• Task to complete:
Word-for-word transcription: reproduce all of the data, but not the pictures.

(Saved entries)
* * * *

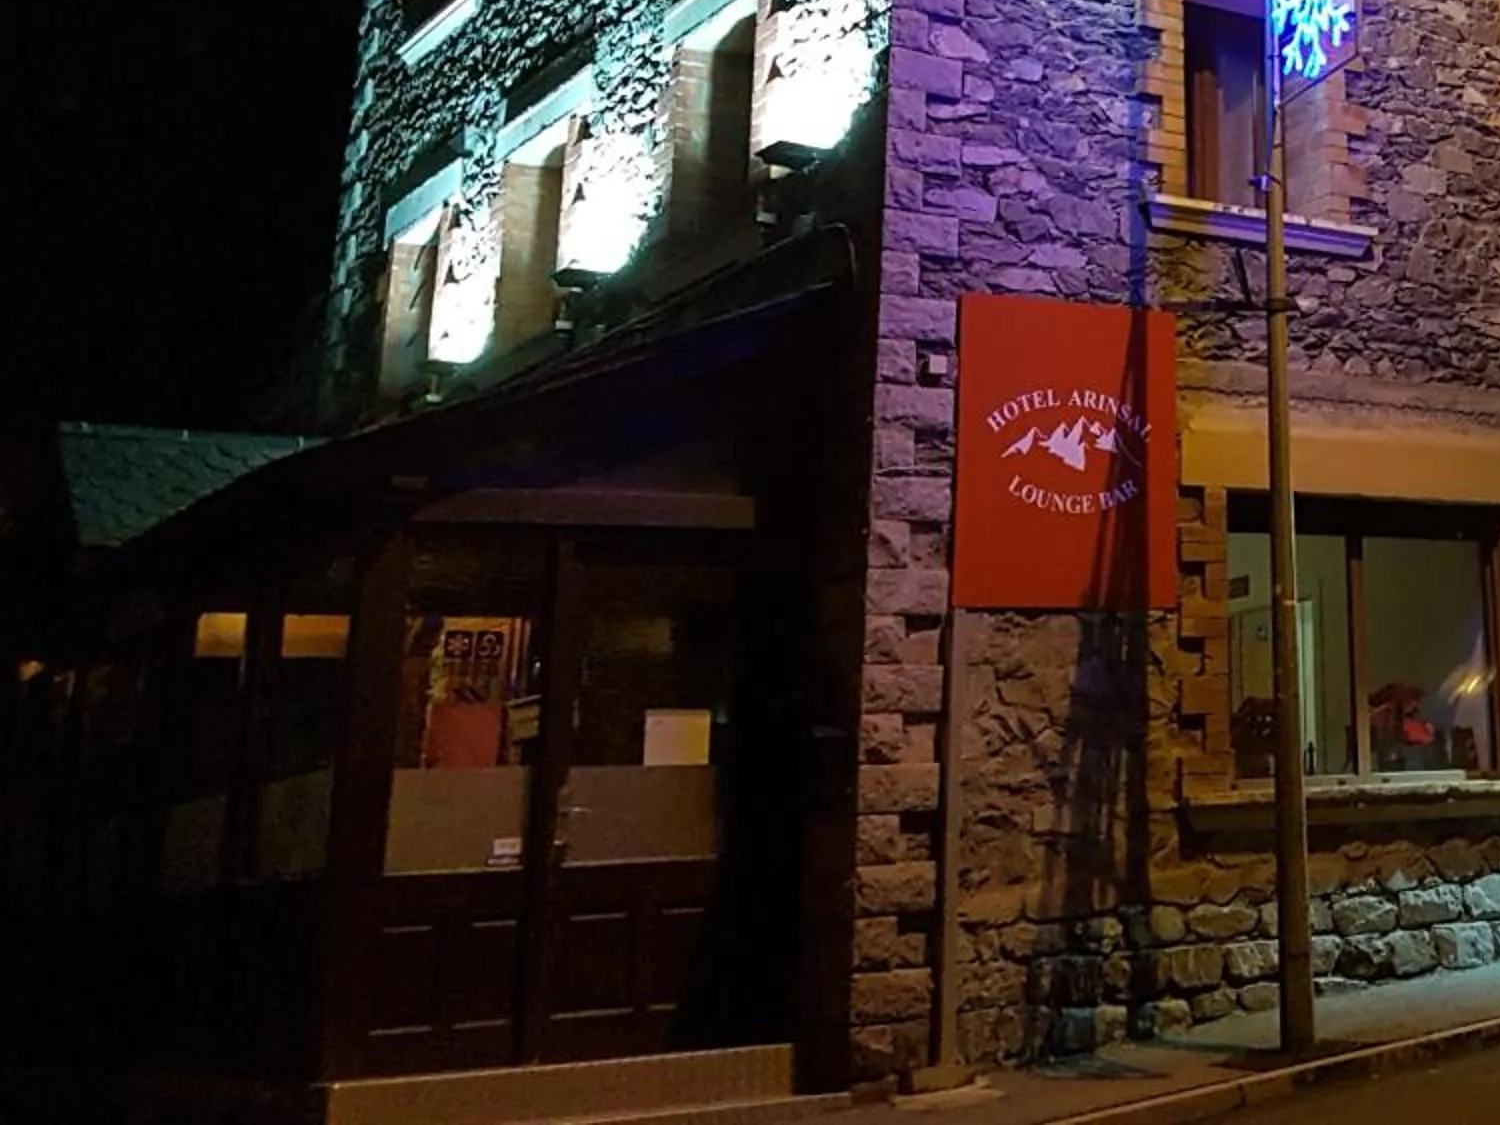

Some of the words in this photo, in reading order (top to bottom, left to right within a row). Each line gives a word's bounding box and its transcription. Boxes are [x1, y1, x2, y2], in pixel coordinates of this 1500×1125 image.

[986, 388, 1061, 433] HOTEL
[1008, 474, 1095, 515] LOUNGE
[1099, 478, 1139, 511] BAR
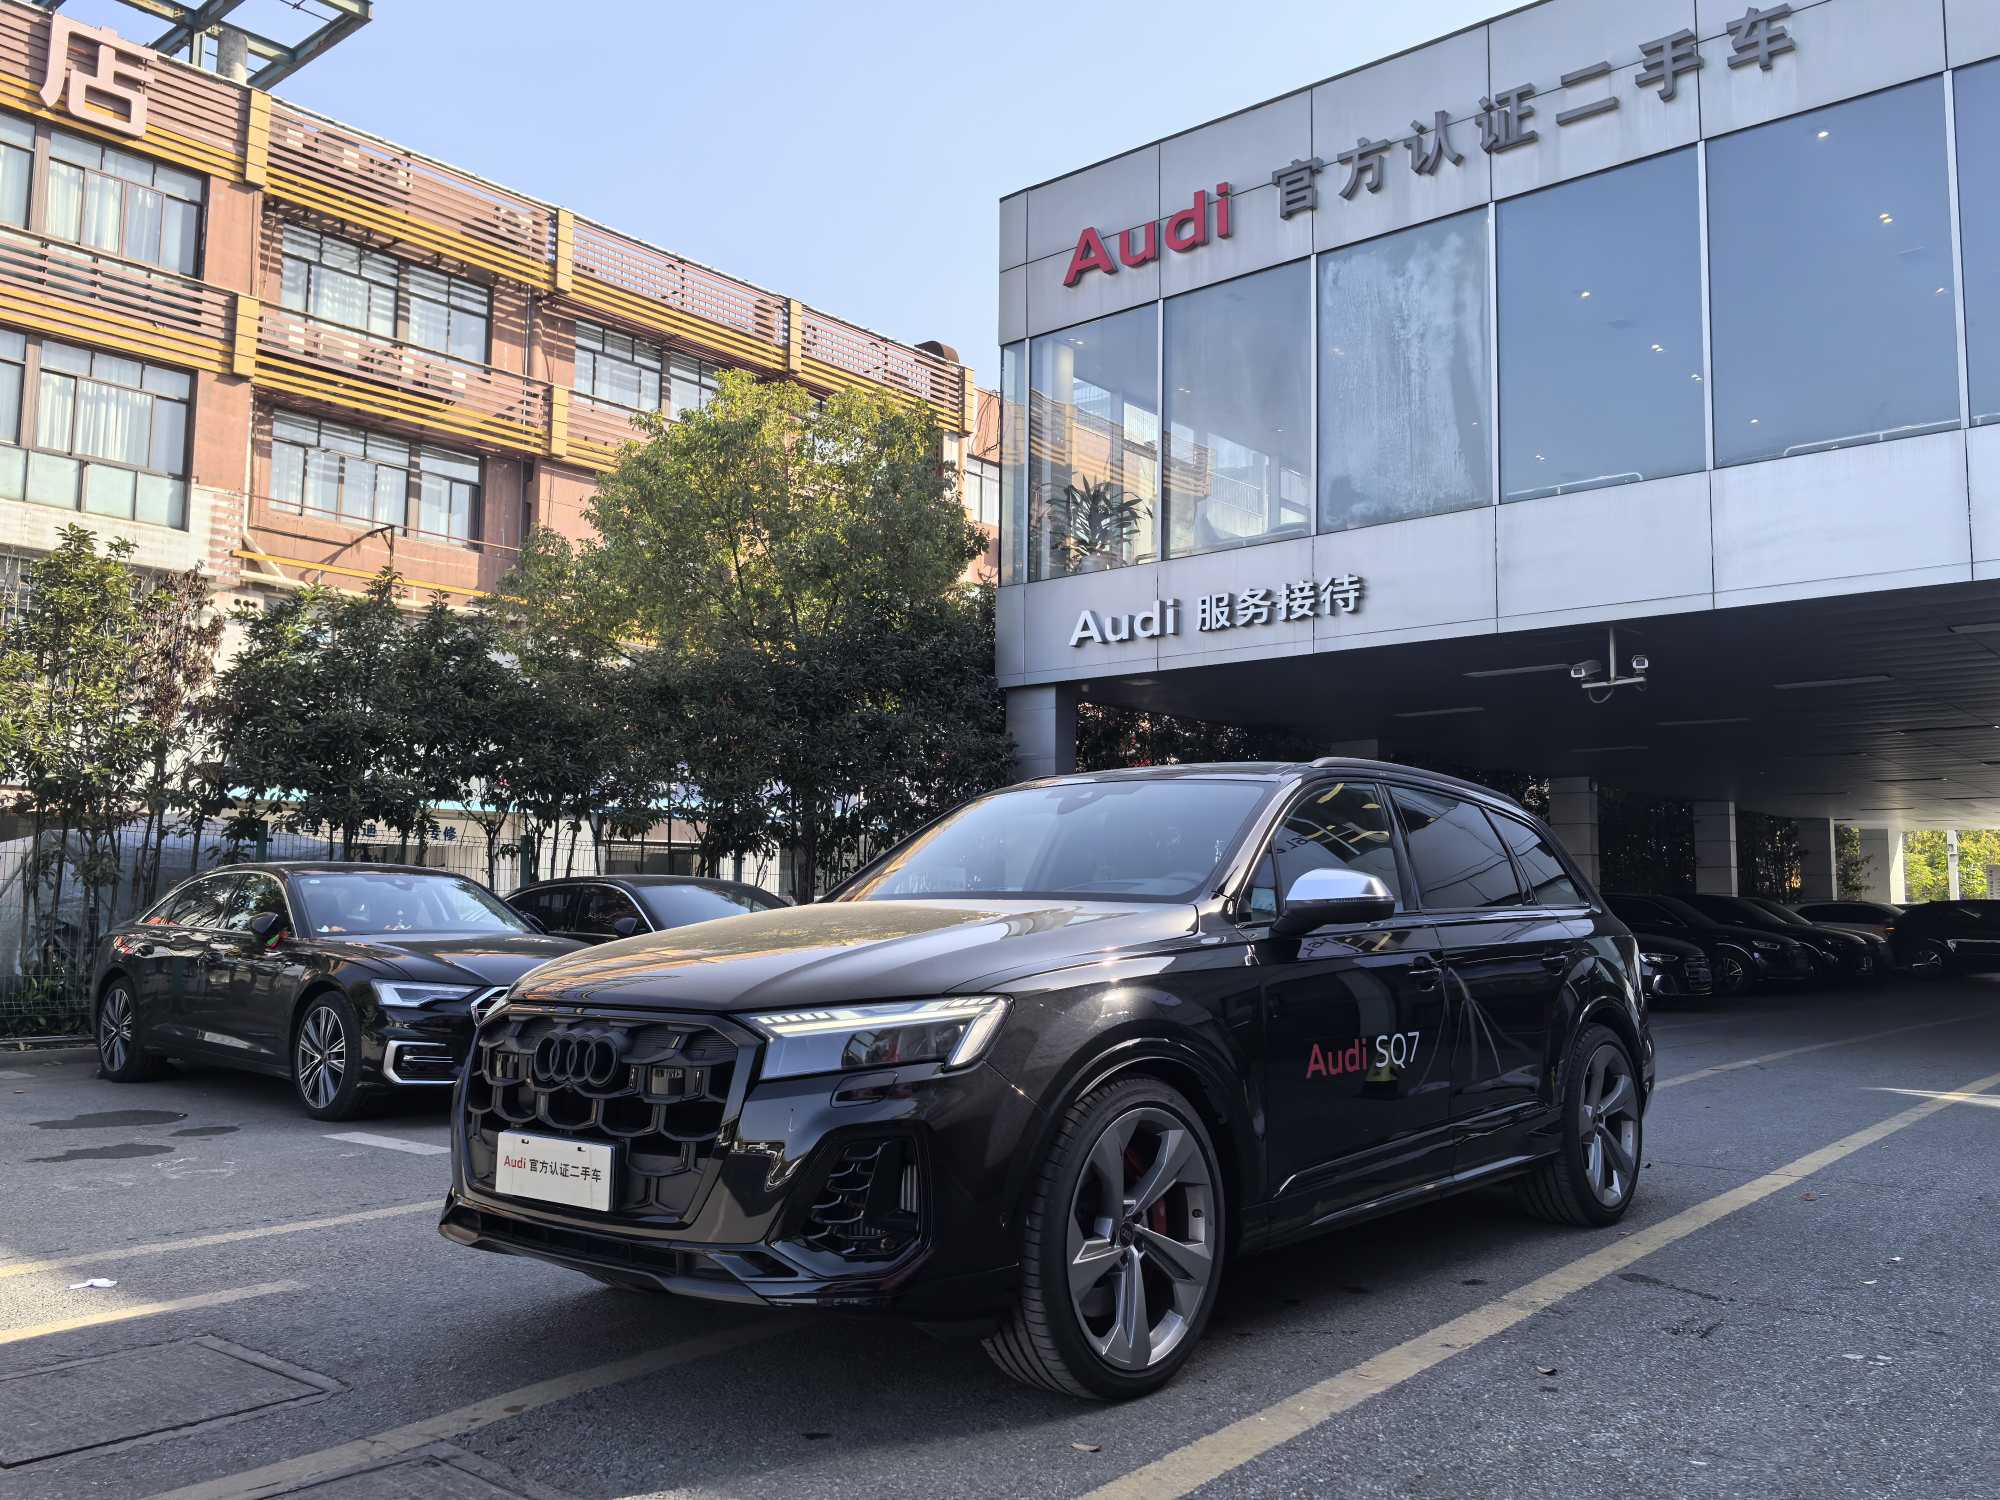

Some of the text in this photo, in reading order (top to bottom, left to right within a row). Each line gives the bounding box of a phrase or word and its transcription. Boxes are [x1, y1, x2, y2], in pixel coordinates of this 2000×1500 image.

[39, 14, 158, 138] 店
[1063, 3, 1797, 288] Audi 官方认证二手车
[1068, 573, 1363, 648] Audi 服务接待
[1305, 1031, 1420, 1079] Audi SQ7
[503, 1155, 602, 1182] Audi 官方认证二手车

* * * *

• Written answer:
Some of the words in this photo, in reading order (top to bottom, left to right within a row). Each line gives a word's bounding box and its transcription. Boxes are [x1, y1, x2, y2], in pixel coordinates of this 1500×1125 image.

[986, 388, 1061, 433] HOTEL
[1008, 474, 1095, 515] LOUNGE
[1099, 478, 1139, 511] BAR

Some of the text in this photo, in reading order (top to bottom, left to right within a row). Each line gives the bounding box of a phrase or word and its transcription. Boxes are [x1, y1, x2, y2], in pixel coordinates of this 2000×1500 image.

[39, 14, 158, 138] 店
[1063, 3, 1797, 288] Audi 官方认证二手车
[1068, 573, 1363, 648] Audi 服务接待
[1305, 1031, 1420, 1079] Audi SQ7
[503, 1155, 602, 1182] Audi 官方认证二手车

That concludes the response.